The whole listing, pictures aside, should be reproduced exactly.

• • • • •

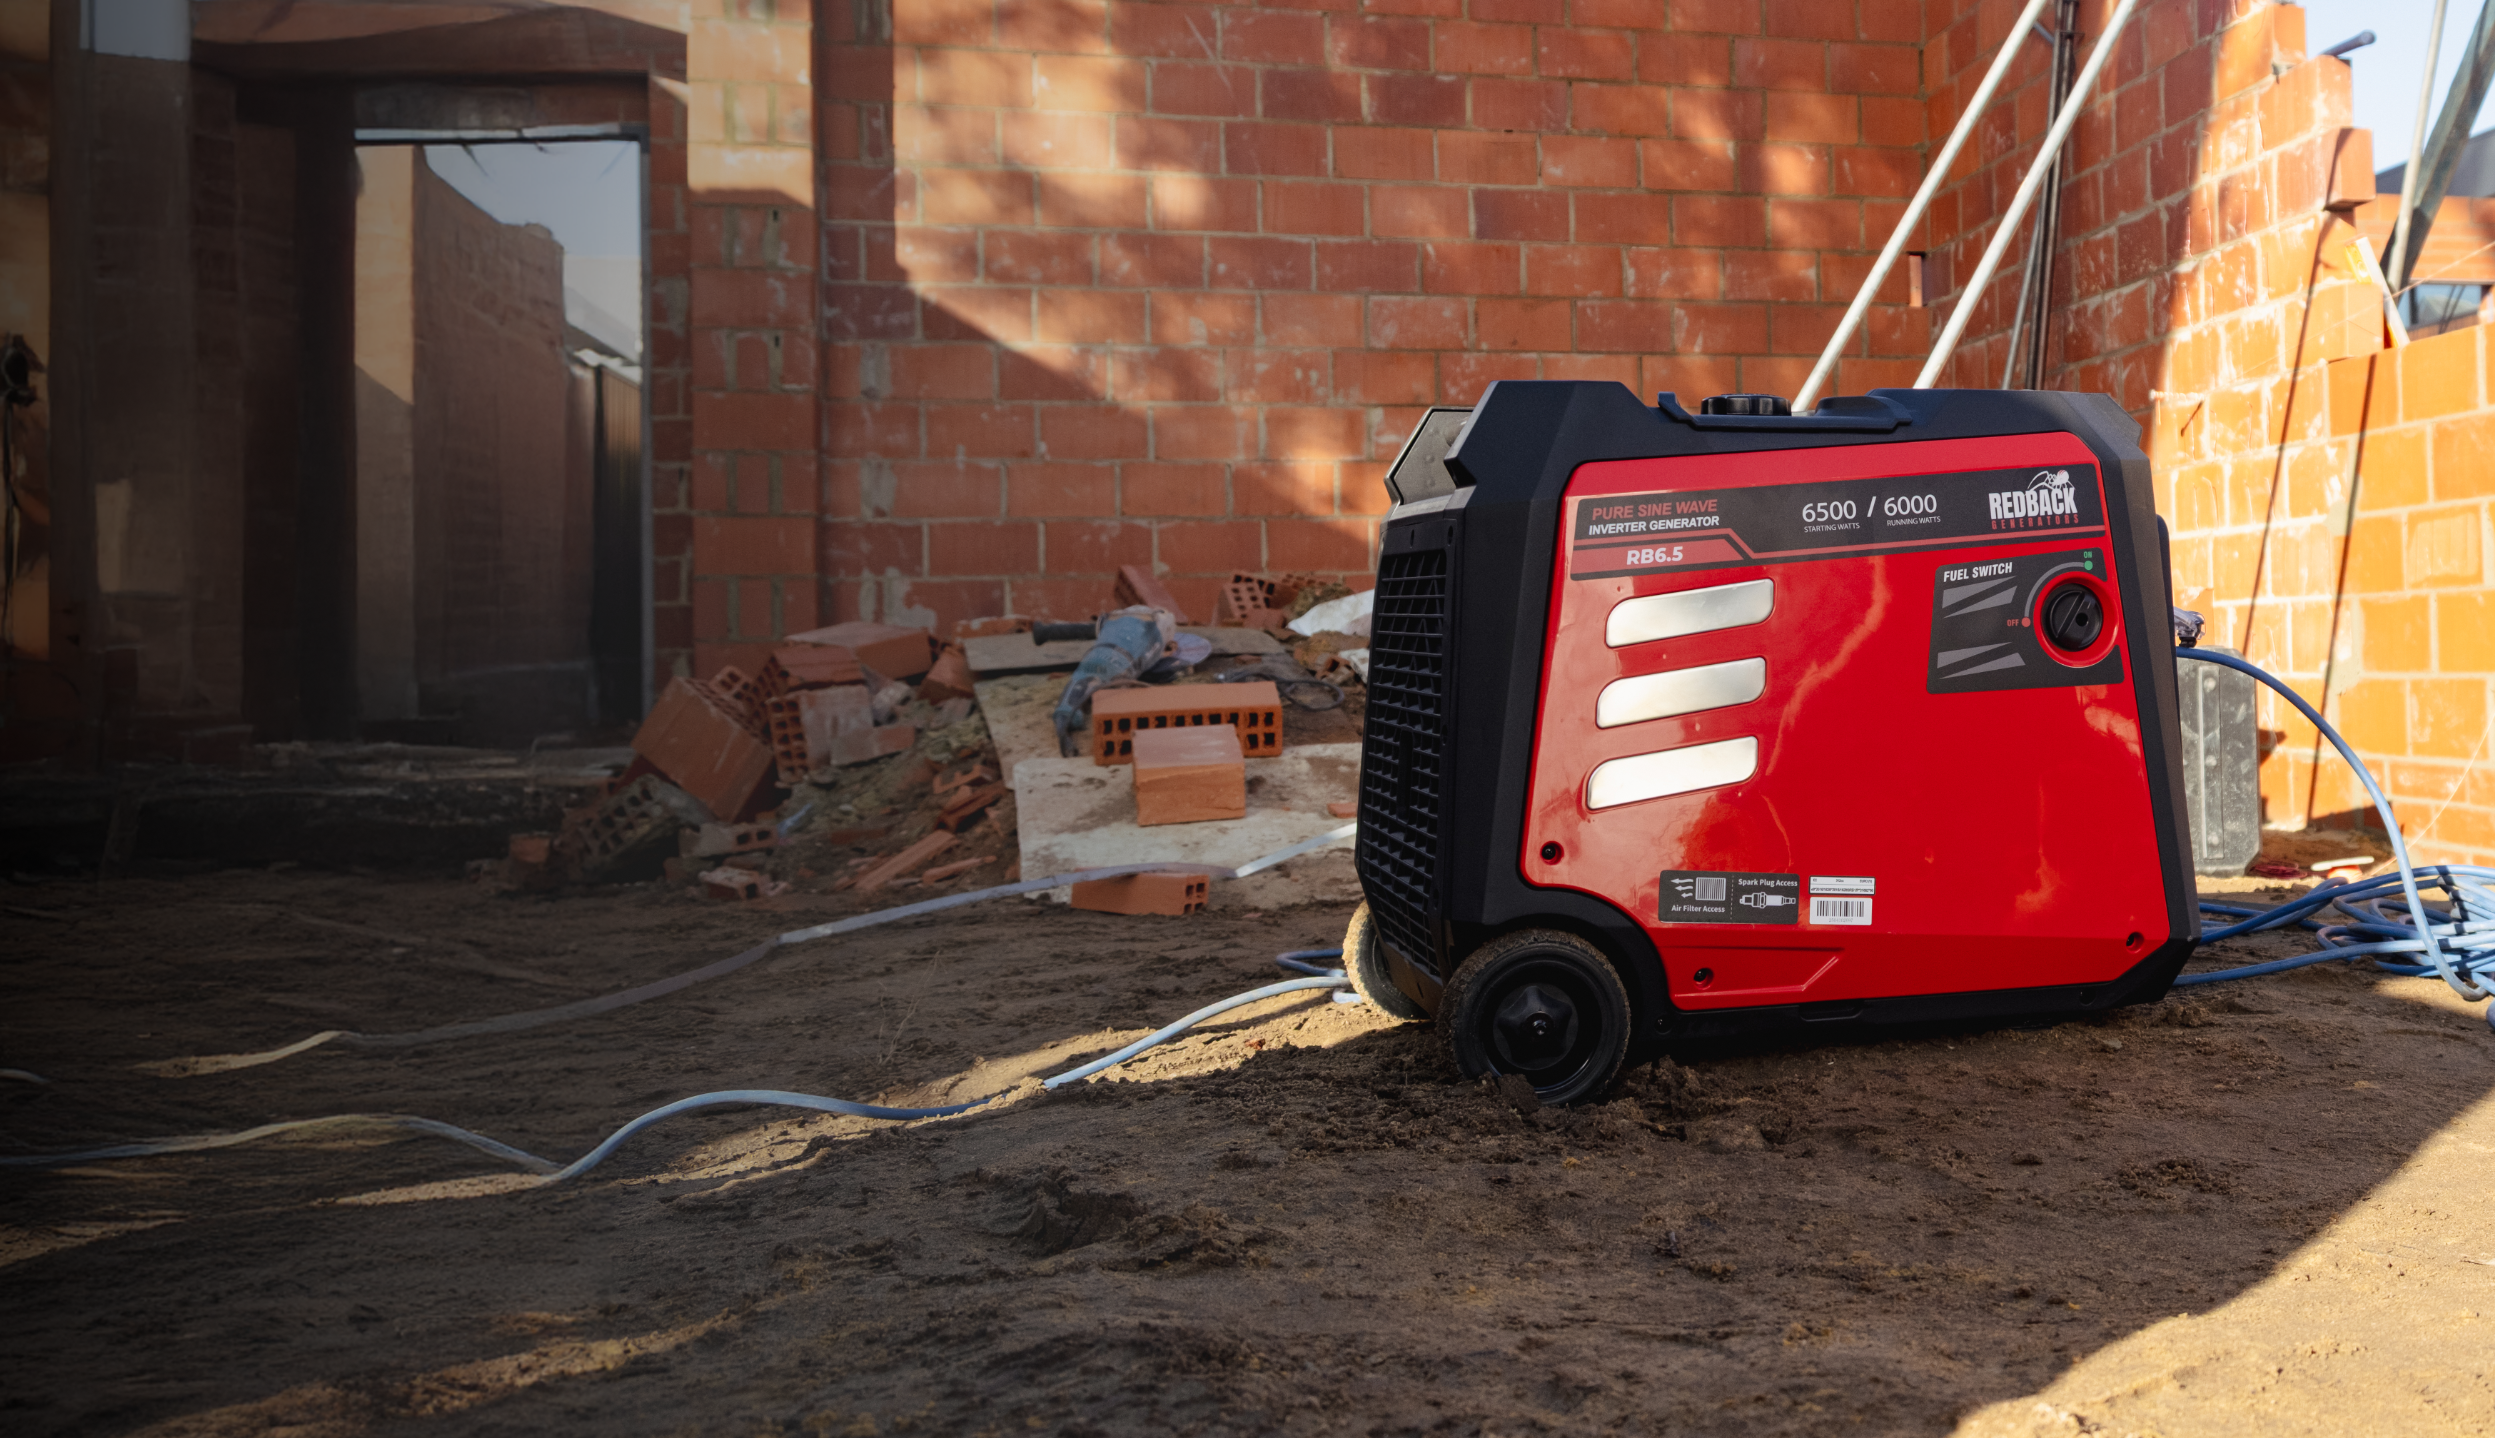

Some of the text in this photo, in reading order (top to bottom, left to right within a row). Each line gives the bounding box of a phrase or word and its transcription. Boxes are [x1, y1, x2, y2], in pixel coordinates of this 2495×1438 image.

[1592, 499, 1718, 521] PURE SINE WAVE
[1802, 494, 1937, 522] 6500 / 6000
[1988, 487, 2078, 520] REDBACK
[1588, 516, 1720, 535] INVERTER GENERATOR
[1804, 522, 1861, 533] STARTING WATTS
[1886, 516, 1941, 527] RUNNING WATTS
[1991, 514, 2079, 530] GENERATORS
[1626, 546, 1683, 565] RB6.5
[2083, 551, 2093, 559] ON
[1943, 562, 2013, 582] FUEL SWITCH
[2006, 619, 2019, 627] OFF
[1760, 879, 1775, 887] Plug

• • • • •

◆ **OUTPUT FOR THIS TASK**:
Some of the text in this photo, in reading order (top to bottom, left to right within a row). Each line gives the bounding box of a phrase or word and its transcription. Boxes are [x1, y1, x2, y2], in pixel coordinates of this 2495×1438 image.

[1592, 499, 1718, 521] PURE SINE WAVE
[1802, 494, 1937, 522] 6500 / 6000
[1988, 487, 2078, 520] REDBACK
[1588, 516, 1720, 535] INVERTER GENERATOR
[1804, 522, 1861, 533] STARTING WATTS
[1886, 516, 1941, 527] RUNNING WATTS
[1991, 514, 2079, 530] GENERATORS
[1626, 546, 1683, 565] RB6.5
[2083, 551, 2093, 559] ON
[1943, 562, 2013, 582] FUEL SWITCH
[2006, 619, 2019, 627] OFF
[1760, 879, 1775, 887] Plug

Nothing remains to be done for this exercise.